Plants produce a wide range of allelochemicals,
necessary to protect them from constant degradation
by every fungal spore or bacteria that passes
by. These alkaloids and terpenes (and phenols
in aquatic plants) have often been demonstrated
to be mild but rather non-specific inhibitors
of bacteria. Diana Walstad, who reports these
conclusions, adds, "The allelochemicals
responsible for the inhibition were identified
as tannic acid, gallic acid [that's another
humic substance] and ethyl gallate, all common
phenolics found in many aquatic plants."
(Ecology of the Planted Aquarium, 1999, p. 44.) So there's no reason not to
suppose that Melaleuca alternifolia is similarly protected.

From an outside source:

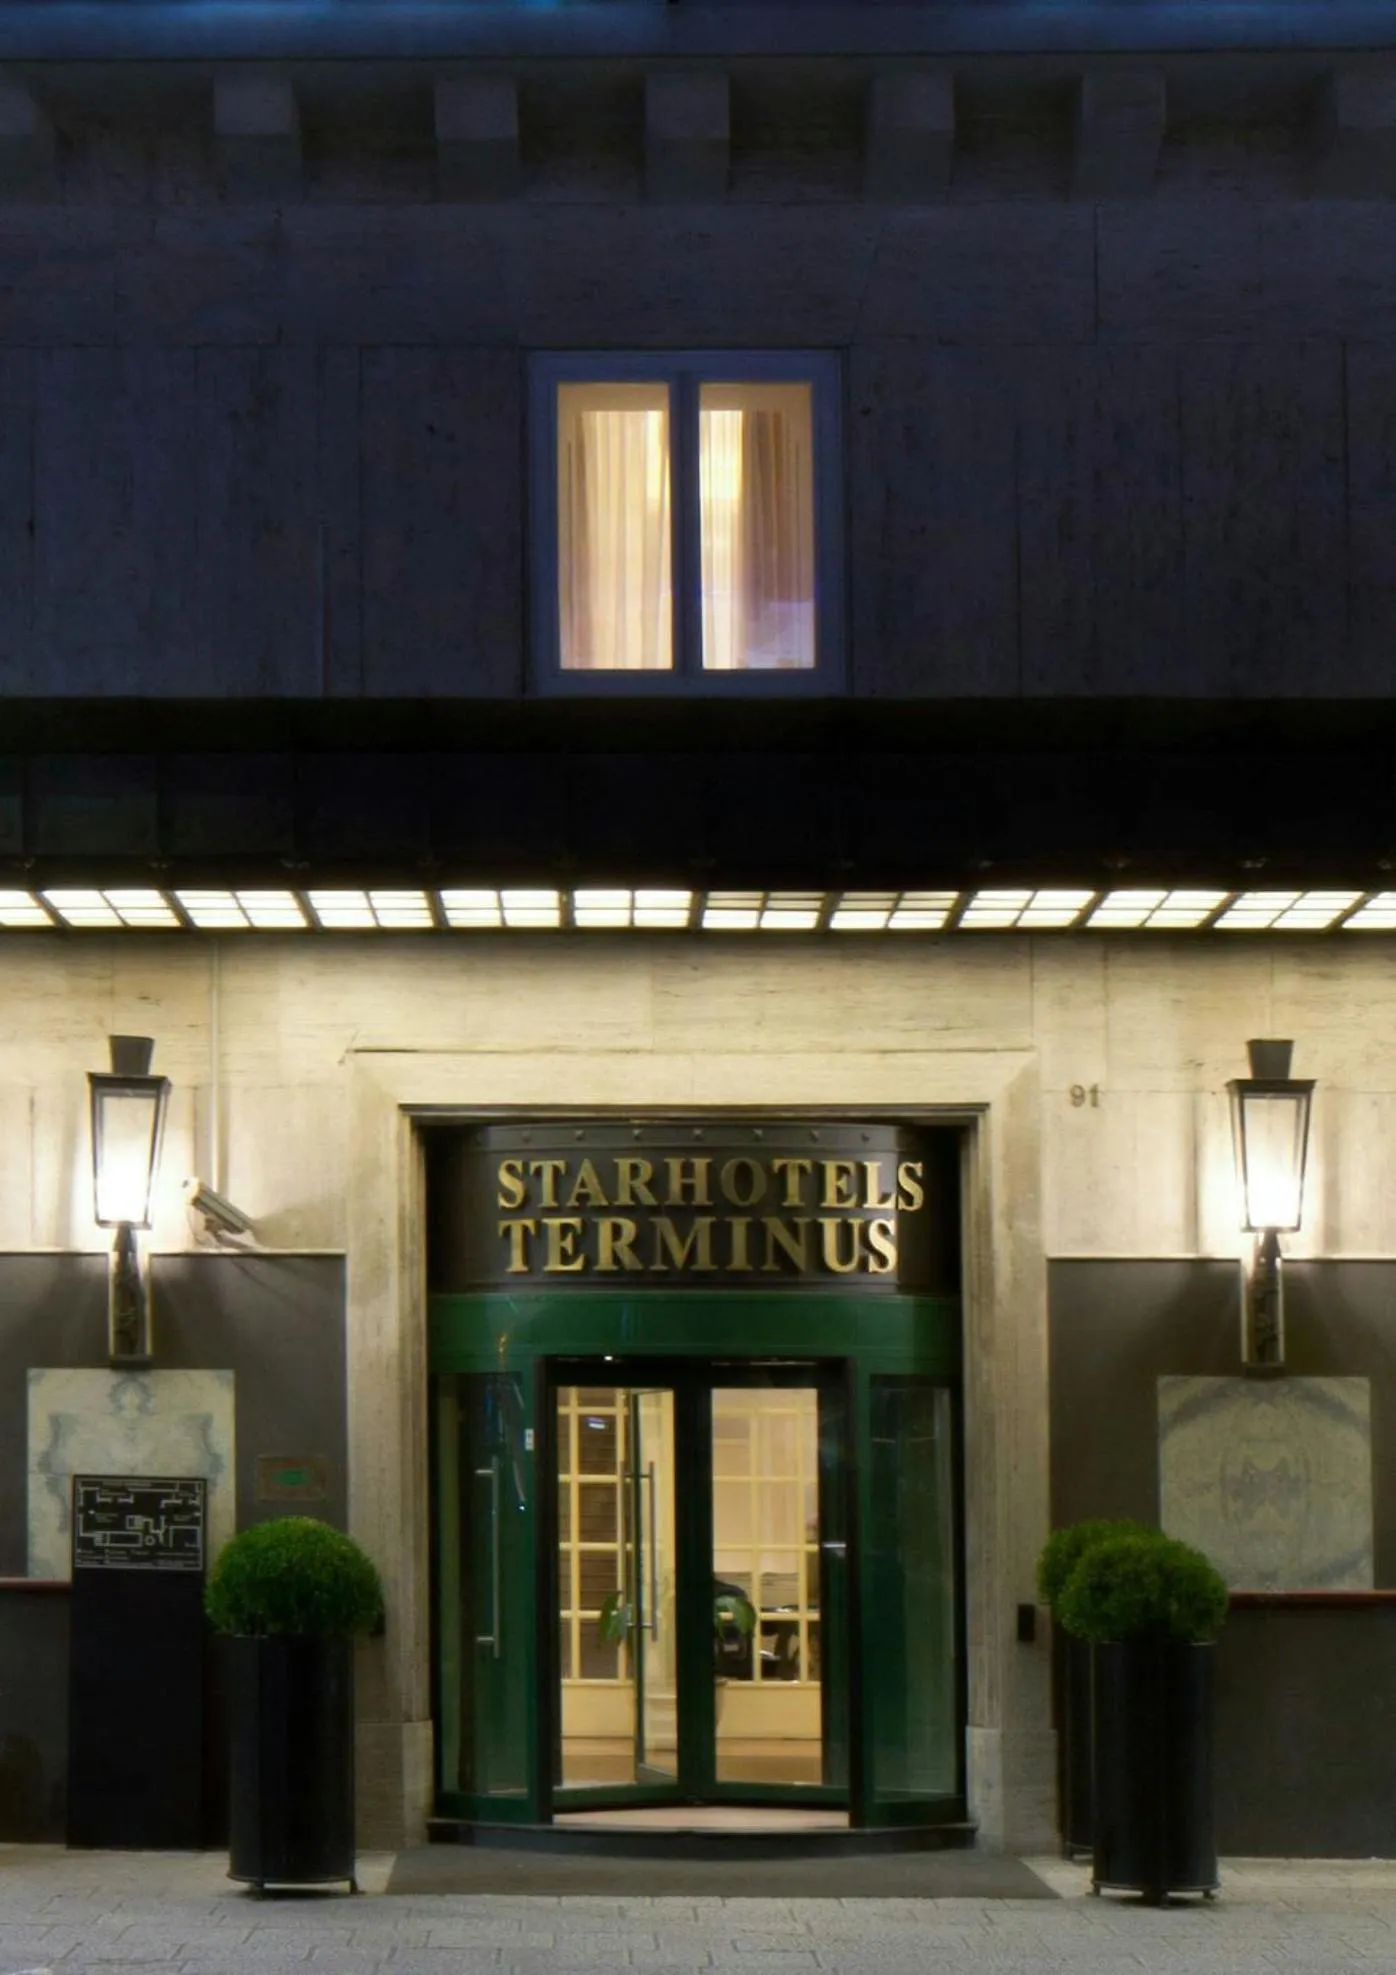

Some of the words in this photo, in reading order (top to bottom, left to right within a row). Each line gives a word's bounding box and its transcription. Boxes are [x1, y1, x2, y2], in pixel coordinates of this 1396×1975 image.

[1069, 1083, 1099, 1108] 91
[497, 1157, 925, 1212] STARHOTELS
[499, 1216, 898, 1274] TERMINUS

Still, the chemical identification of the
pharmacologically-active ingredient in a
leaf or bark does require some pretty intensive
laboratory detective work. That can be expensive,
too. Sensibly, the enthusiasts of herbal
medicine commonly sidestep any specific identification,
relying in preference on a holistic synergy
of all the unrefined "natural"
ingredients acting together. So, when a stricken
fish has pulled itself together, it's hard
to disprove the efficacy of this or that
herbal tea. And mean-spirited too, I warrant.
You can imagine that I detect unskeptical
faddism whenever I hear wide-ranging properties
ascribed to whatever plant that's in current
favor. At the very least, be wary!
As for me, I try to keep an open mind about
all this, but you can tell I'm just not very
sympathetic. You see, commonplace Garden
Sage, Salvia officinalis, has bacteriostatic qualities too. So I
might brew some sage leaves overnight and
add the liquor to the tanks, if I were of
a mind to kill some bacteria at random...
or maybe some cold-brewed Sleepytime Tea.
Or St-John's Wort for the tetras: that might cheer them up.